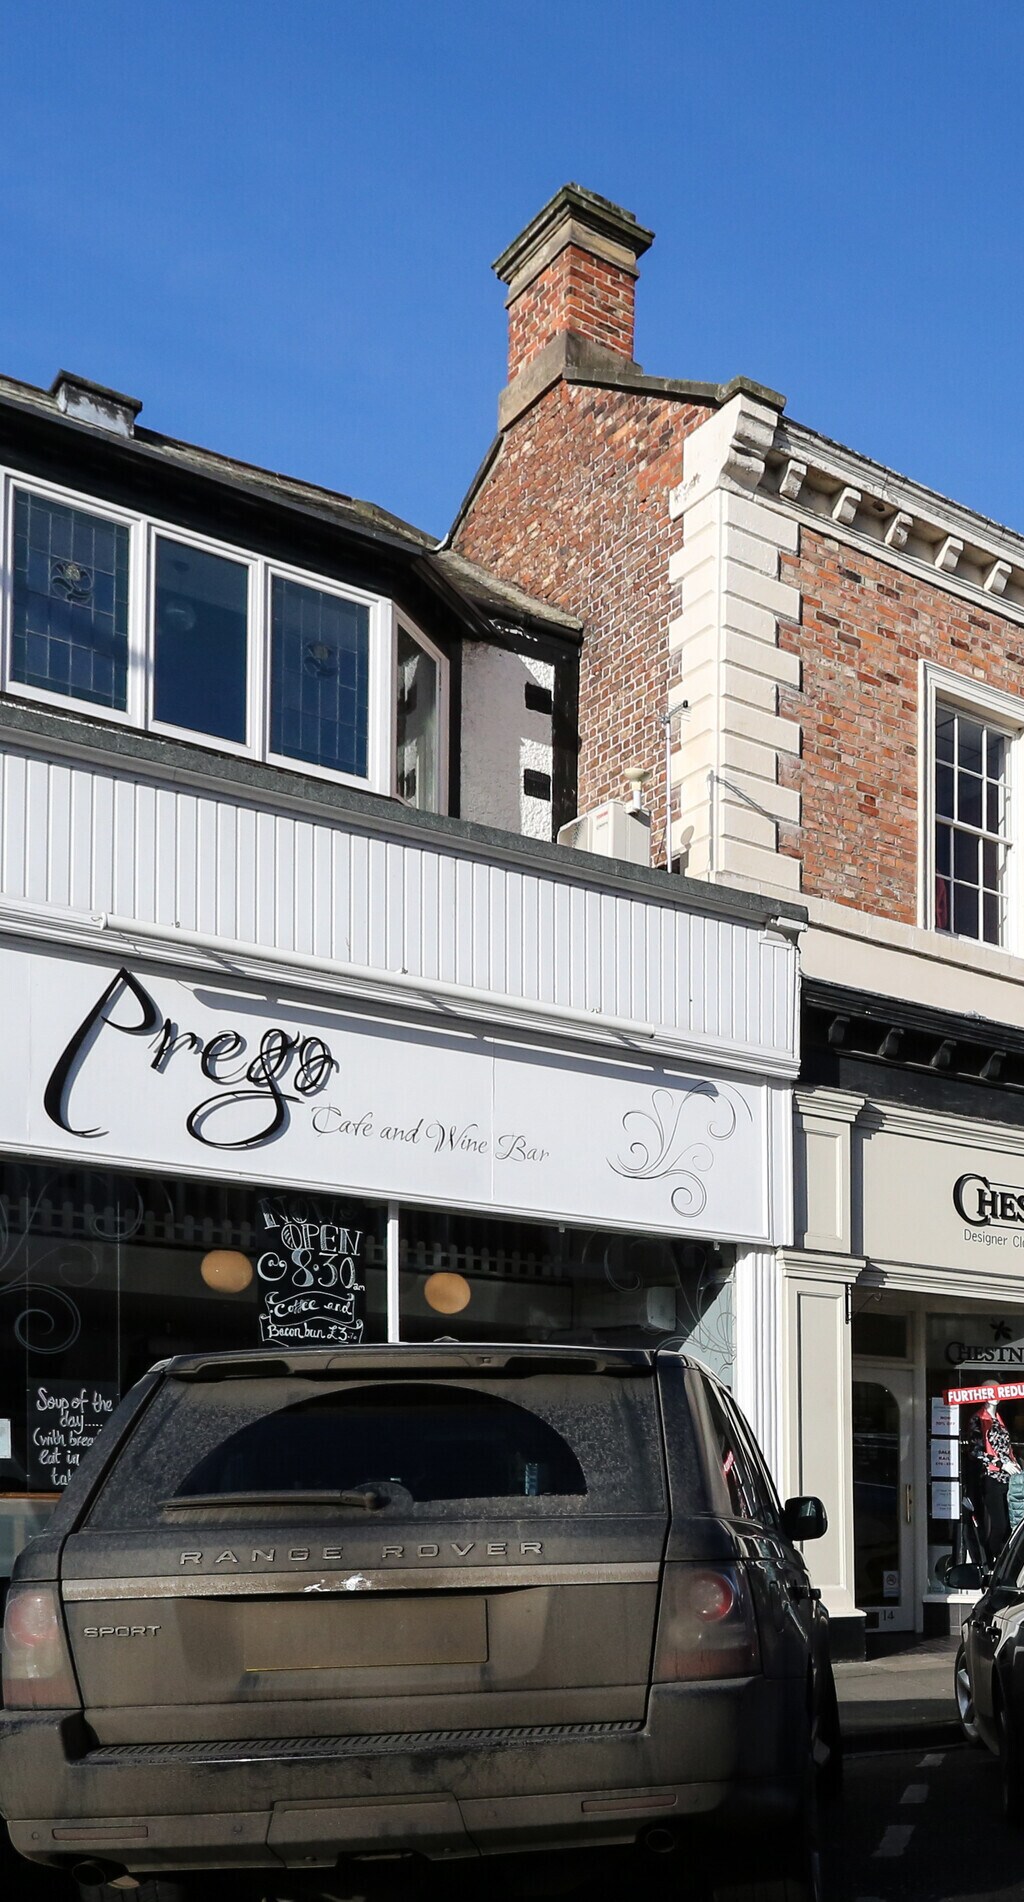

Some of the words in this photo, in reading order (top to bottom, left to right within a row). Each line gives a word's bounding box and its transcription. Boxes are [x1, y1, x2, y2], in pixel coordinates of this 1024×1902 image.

[44, 967, 337, 1147] Prego
[311, 1102, 373, 1137] Cafe
[379, 1118, 424, 1145] and
[425, 1119, 488, 1154] Wine
[495, 1131, 550, 1162] Bar
[281, 1223, 364, 1257] OPEN
[963, 1228, 1008, 1246] Designer
[267, 1324, 304, 1339] Bacon
[304, 1322, 326, 1339] bun
[35, 1387, 70, 1416] Soup
[71, 1388, 89, 1413] of
[92, 1390, 114, 1413] the
[947, 1385, 995, 1403] FURTHER
[69, 1429, 101, 1447] brea
[179, 1546, 343, 1565] RANGE
[382, 1541, 544, 1559] ROVER
[883, 1609, 895, 1621] 14
[83, 1624, 161, 1638] SPORT

Exercise goal:
Return the listing exactly as it appears, excluding any image.

Solution to this problem:
Some of the words in this photo, in reading order (top to bottom, left to right within a row). Each line gives a word's bounding box and its transcription. Boxes are [x1, y1, x2, y2], in pixel coordinates of this 1024×1902 image.

[44, 967, 337, 1147] Prego
[311, 1102, 373, 1137] Cafe
[379, 1118, 424, 1145] and
[425, 1119, 488, 1154] Wine
[495, 1131, 550, 1162] Bar
[281, 1223, 364, 1257] OPEN
[963, 1228, 1008, 1246] Designer
[267, 1324, 304, 1339] Bacon
[304, 1322, 326, 1339] bun
[35, 1387, 70, 1416] Soup
[71, 1388, 89, 1413] of
[92, 1390, 114, 1413] the
[947, 1385, 995, 1403] FURTHER
[69, 1429, 101, 1447] brea
[179, 1546, 343, 1565] RANGE
[382, 1541, 544, 1559] ROVER
[883, 1609, 895, 1621] 14
[83, 1624, 161, 1638] SPORT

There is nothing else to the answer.